5,10-Methylene tetrahydrofolate reductase(MTHFR) is a cytoplasmic enzyme which catalyzes the conversion of 5,10-methylene tetrahydrofolate(CH2-THF) to 5,10-methyl tetrahydrofolate(CH3-THF) using NADPH as a reducing equivalent. This enzyme plays an important role in folate one carbon metabolism pathway. The polymorphisms of this enzyme associated with disruption of function cause neural tube defects and hyperhomocysteinuria in many individuals.This enzyme consists of N-terminal catalytic domain and C-terminal regulatory domain linked by a small stretch of amino acids called as linker region.
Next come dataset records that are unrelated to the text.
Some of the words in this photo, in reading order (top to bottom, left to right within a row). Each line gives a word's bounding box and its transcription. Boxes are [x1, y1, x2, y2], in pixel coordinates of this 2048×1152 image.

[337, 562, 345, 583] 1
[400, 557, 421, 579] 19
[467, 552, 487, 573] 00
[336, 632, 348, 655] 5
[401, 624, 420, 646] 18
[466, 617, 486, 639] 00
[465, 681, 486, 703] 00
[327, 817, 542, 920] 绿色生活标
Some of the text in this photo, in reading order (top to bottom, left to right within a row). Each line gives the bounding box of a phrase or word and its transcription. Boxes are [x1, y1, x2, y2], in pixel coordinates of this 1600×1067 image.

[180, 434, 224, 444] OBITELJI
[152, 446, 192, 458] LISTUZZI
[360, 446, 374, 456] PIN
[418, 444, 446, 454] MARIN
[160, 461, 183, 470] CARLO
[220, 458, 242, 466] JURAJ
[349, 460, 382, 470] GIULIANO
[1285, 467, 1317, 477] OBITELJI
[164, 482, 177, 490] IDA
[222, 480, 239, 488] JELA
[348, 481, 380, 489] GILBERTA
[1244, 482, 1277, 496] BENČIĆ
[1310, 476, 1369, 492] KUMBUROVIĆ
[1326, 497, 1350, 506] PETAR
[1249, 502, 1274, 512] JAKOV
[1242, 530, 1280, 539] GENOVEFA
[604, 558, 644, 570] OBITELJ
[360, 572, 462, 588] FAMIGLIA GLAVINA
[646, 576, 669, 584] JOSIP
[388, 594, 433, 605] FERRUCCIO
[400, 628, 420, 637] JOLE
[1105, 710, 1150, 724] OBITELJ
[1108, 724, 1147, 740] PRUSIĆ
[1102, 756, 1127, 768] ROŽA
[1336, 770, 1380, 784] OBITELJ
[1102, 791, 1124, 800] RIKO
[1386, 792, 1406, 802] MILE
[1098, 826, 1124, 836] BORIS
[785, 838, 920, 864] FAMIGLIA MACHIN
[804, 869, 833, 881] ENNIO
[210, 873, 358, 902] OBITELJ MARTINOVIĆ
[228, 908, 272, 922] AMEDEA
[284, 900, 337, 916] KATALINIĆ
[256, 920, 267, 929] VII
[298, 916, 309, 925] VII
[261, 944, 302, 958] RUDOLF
The function is negatively regulated by the metabolite S-adenosyl methionine (SAM) produced downstream to methionine in the methionine cycle. It has been known that SAM binds to the regulatory domain and thus regulates the activity of the enzyme, but the exact SAM binding region is not known. The mutational studies on the conserved residues in the regulatory domain of S. cerevisiae MTHFR (MET13) show a deregulated phenotype. On the continuation of the previous finding of a deregulated mutant of MET13_R357A in the lab, the conservation of deregulation of MTHFR in higher organisms was examined in Homo sapiens MTHFR. The isoforms of Homo sapiens MTHFR shows interesting phenotype when supplemented with different sulphur sources. The second part of the work involves attempts at construction of a genetically encoded SAM sensor based on fluorescence. It has been shown that the insertion of an in sense molecular recognition domain in between the GFP responds on binding to the ligand. Based on this we are trying to create a GFP based SAM sensor by inserting the regulatory domain of the MTHFR protein in frame with the GFP protein.The response of GFP constructs to SAM on insertion of the regulatory domain of MTHFR shows a potential to be a SAM sensor.